The beatification process opened in an informative process in Turin that Cardinal Maurilio Fossati oversaw from 5 November 1947 until its closure in 1953; theologians determined his spiritual writings were in line with official doctrine and so approved them in a decree issued on 19 February 1956. The formal introduction to the cause came under Pope Paul VI on 11 June 1977 and he was therefore titled as a Servant of God. Cardinal Anastasio Ballestrero oversaw an apostolic process from 1980 to 1981 and the Congregation for the Causes of Saints later validated both processes on 25 June 1982 before receiving the Positio from the postulation in 1985. Theologians approved the cause on 14 October 1986 as did the C.C.S. on 23 December 1986 which allowed for Pope John Paul II to confirm his heroic virtue and name him as Venerable on 3 January 1987.

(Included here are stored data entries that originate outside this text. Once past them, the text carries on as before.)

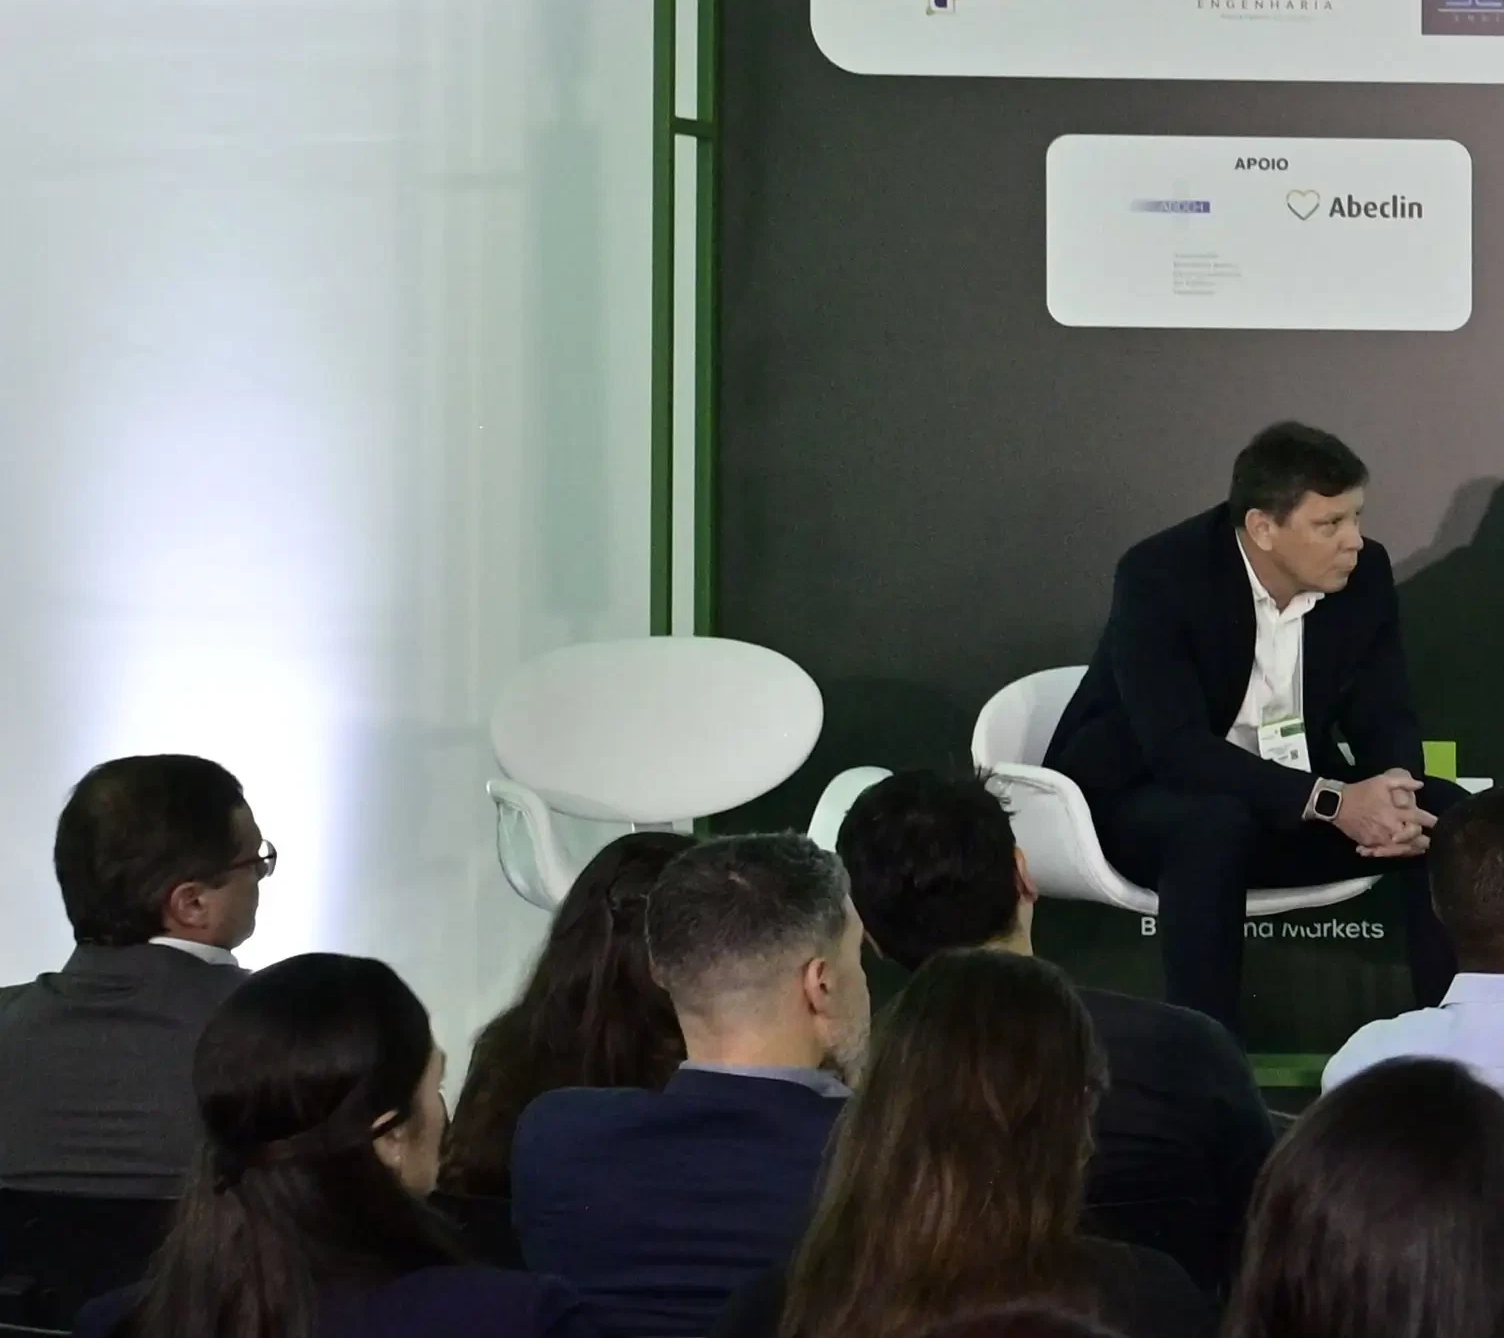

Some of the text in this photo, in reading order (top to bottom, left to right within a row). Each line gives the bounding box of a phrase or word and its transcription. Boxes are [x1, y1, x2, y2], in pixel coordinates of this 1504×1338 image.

[1234, 156, 1289, 172] APOIO
[1328, 194, 1423, 219] Abeclin
[1141, 917, 1158, 936] B
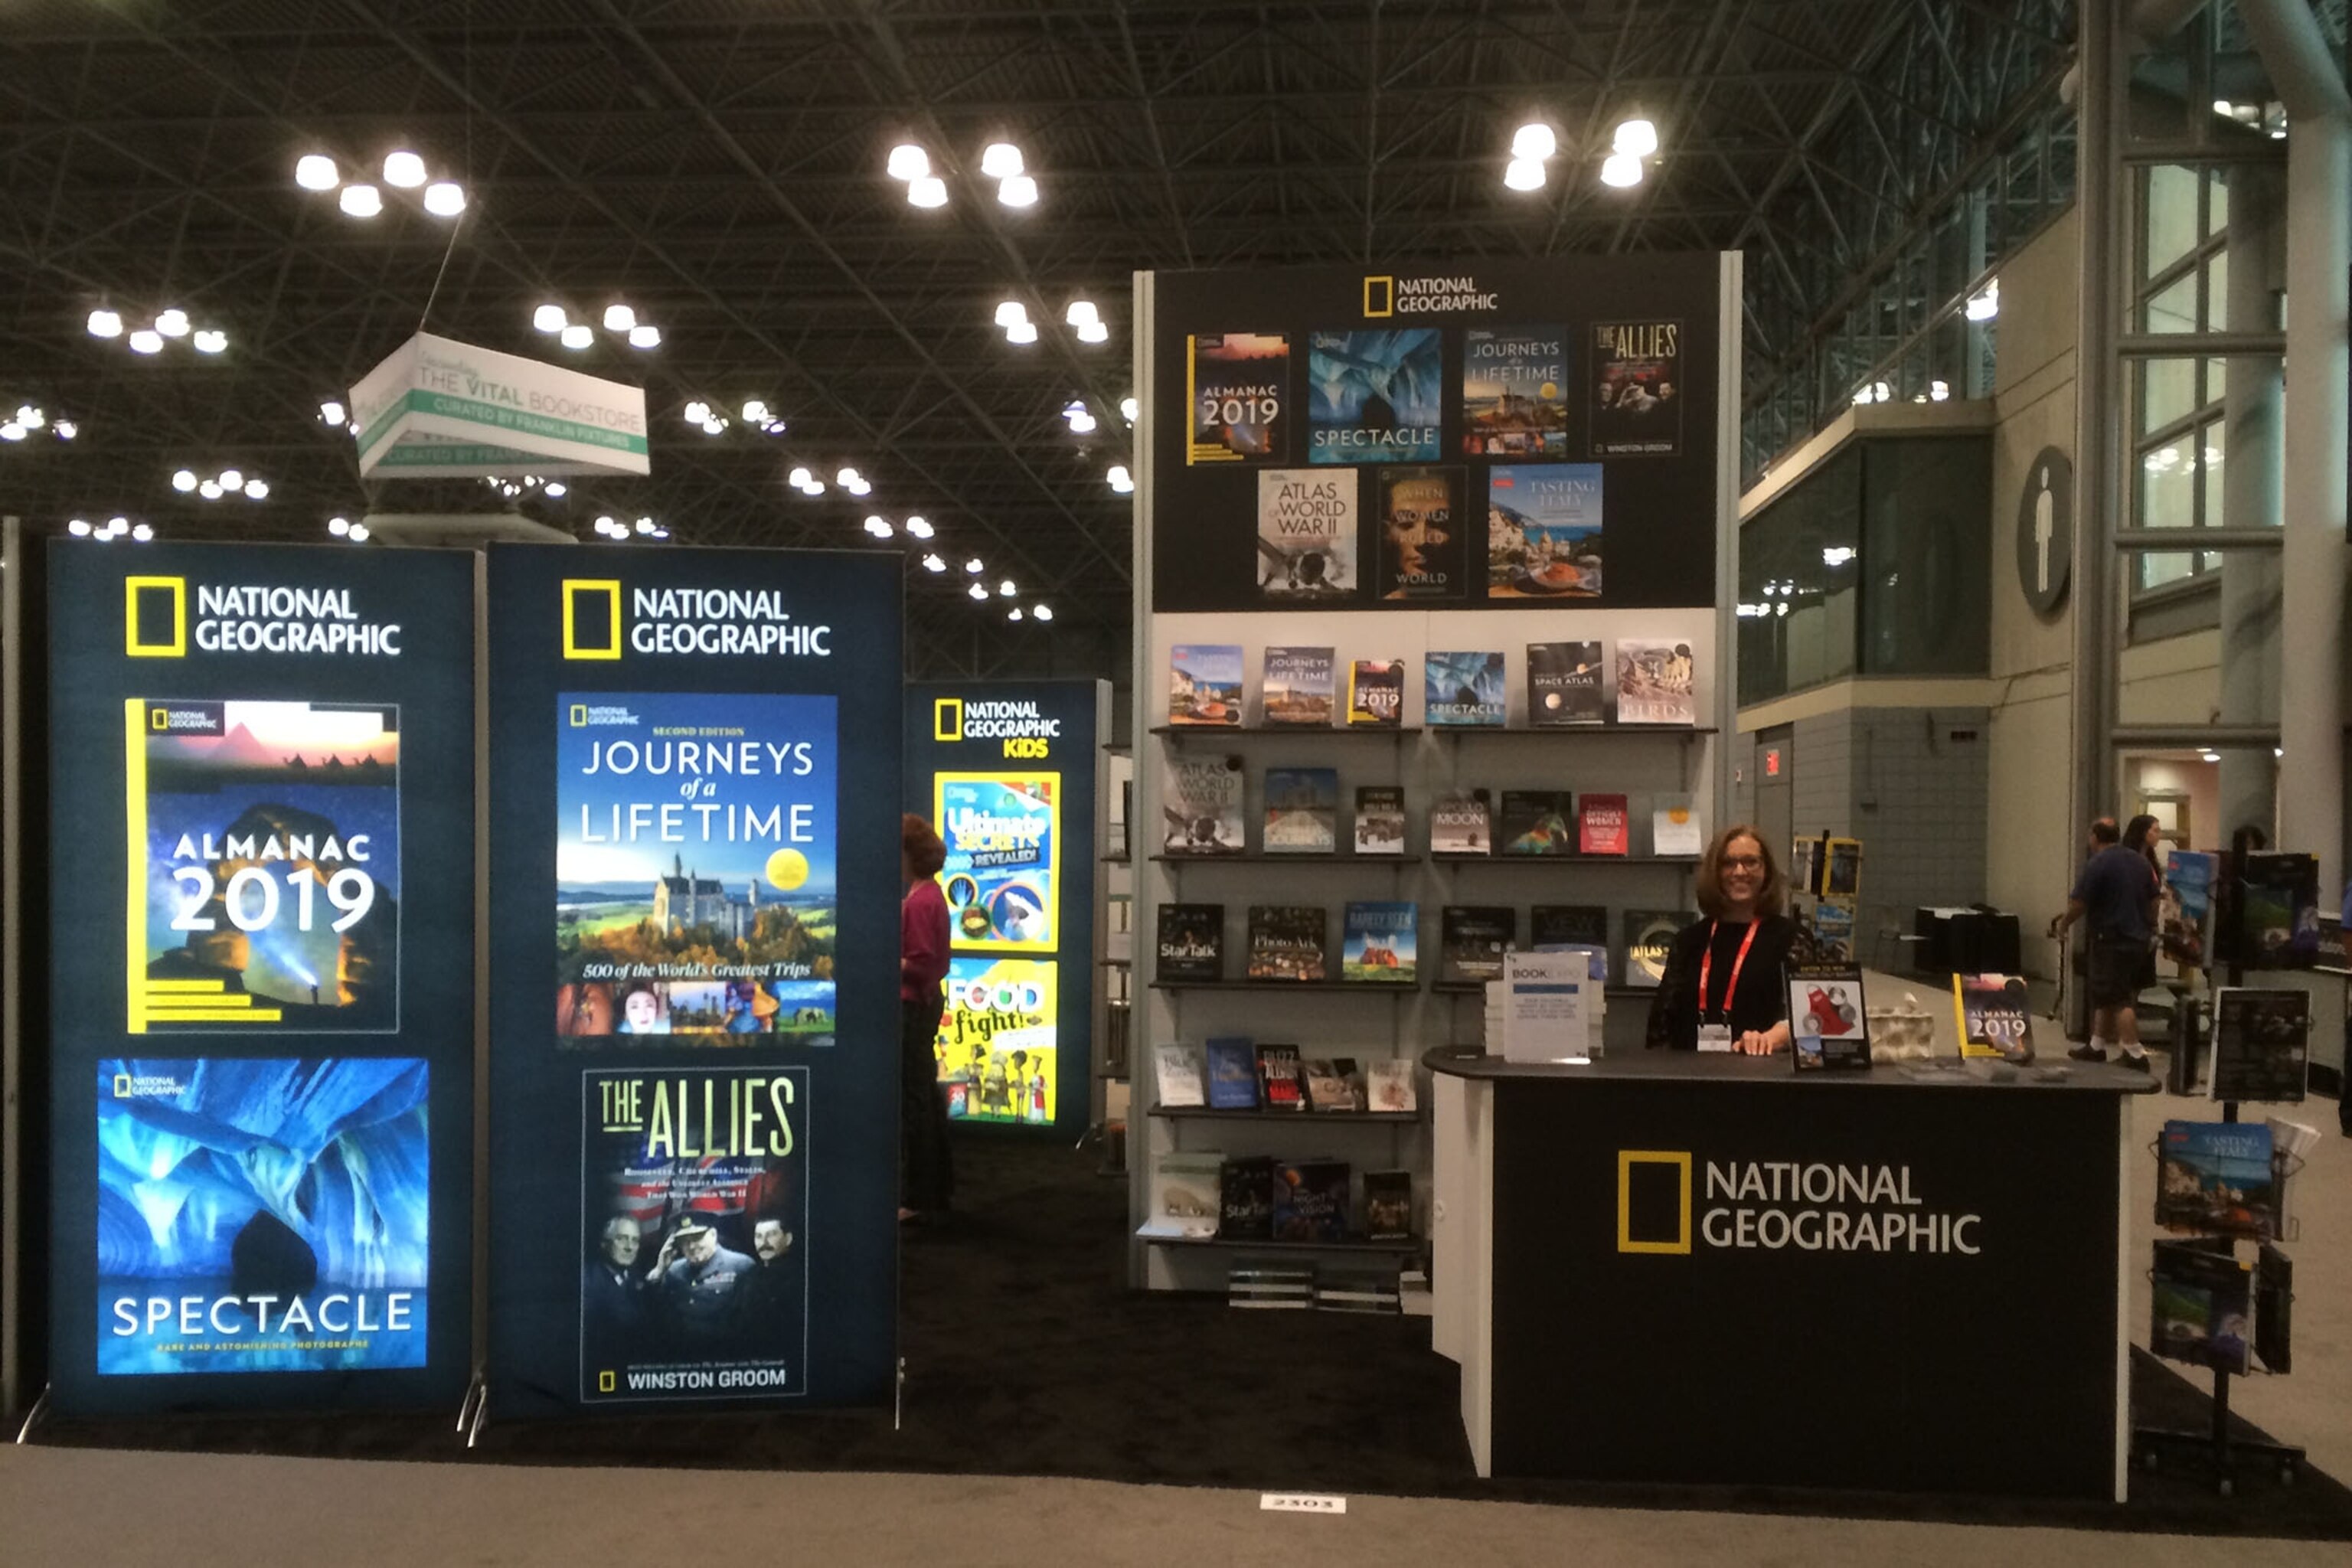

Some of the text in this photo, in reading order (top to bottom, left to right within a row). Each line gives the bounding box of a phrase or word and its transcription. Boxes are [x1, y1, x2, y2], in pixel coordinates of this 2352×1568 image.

[1399, 277, 1477, 295] NATIONAL
[1397, 294, 1498, 313] GEOGRAPHIC
[1474, 342, 1560, 358] JOURNEYS
[1597, 324, 1677, 359] THE ALLIES
[1472, 364, 1560, 381] LIFETIME
[420, 367, 640, 432] THE VITAL BOOKSTORE
[1204, 385, 1278, 398] ALMANAC
[433, 397, 494, 420] CURATED
[497, 410, 514, 425] BY
[1203, 398, 1279, 426] 2019
[1315, 428, 1434, 447] SPECTACLE
[1279, 482, 1337, 500] ATLAS
[1401, 487, 1443, 500] WHEN
[1531, 479, 1596, 494] TASTING
[1279, 500, 1346, 518] WORLD
[1396, 510, 1449, 524] WOMEN
[1279, 518, 1337, 536] WAR II
[1396, 572, 1447, 585] WORLD
[198, 586, 359, 619] NATIONAL
[632, 588, 790, 620] NATIONAL
[195, 620, 401, 655] GEOGRAPHIC
[631, 623, 831, 656] GEOGRAPHIC
[1535, 676, 1594, 687] SPACE ATLAS
[965, 701, 1040, 719] NATIONAL
[1357, 694, 1400, 707] 2019
[1429, 704, 1501, 715] SPECTACLE
[168, 710, 207, 720] NATIONAL
[168, 718, 217, 728] GEOGRAPHIC
[652, 727, 745, 737] SECOND EDITION
[963, 719, 1061, 738] GEOGRAPHIC
[582, 740, 814, 776] JOURNEYS
[680, 777, 717, 800] of a
[581, 803, 815, 842] LIFETIME
[1436, 813, 1484, 825] MOON
[172, 832, 371, 863] ALMANAC
[974, 848, 1037, 867] REVEALED!
[168, 866, 376, 933] 2019
[582, 962, 613, 979] 500
[615, 962, 631, 980] of
[632, 962, 655, 978] the
[711, 962, 770, 977] Greatest
[773, 961, 812, 978] Trips
[947, 978, 1044, 1013] FOOD
[1970, 1010, 2024, 1019] ALMANAC
[954, 1008, 1024, 1044] fight!
[1972, 1019, 2027, 1037] 2019
[599, 1076, 795, 1158] THE ALLIES
[1706, 1161, 1922, 1205] NATIONAL
[1702, 1207, 1981, 1255] GEOGRAPHIC
[112, 1292, 413, 1337] SPECTACLE
[157, 1344, 185, 1353] RARE
[188, 1343, 211, 1351] AND
[627, 1368, 786, 1390] WINSTON GROOM

The miracle required for his beatification was investigated and later received C.C.S. validation on 18 July 1986 before a medical board approved it on 7 June 1989; theologians followed suit on 13 October 1989 as did the C.C.S. on 19 December 1989. John Paul II approved the miracle on 3 March 1990 and later beatified Rinaldi in Saint Peter's Square on 29 April 1990. The miracle in question was the healing and regeneration of the jaw of Maria Carla who was shot in the face on 20 April 1945 at the end of World War II during a conflict.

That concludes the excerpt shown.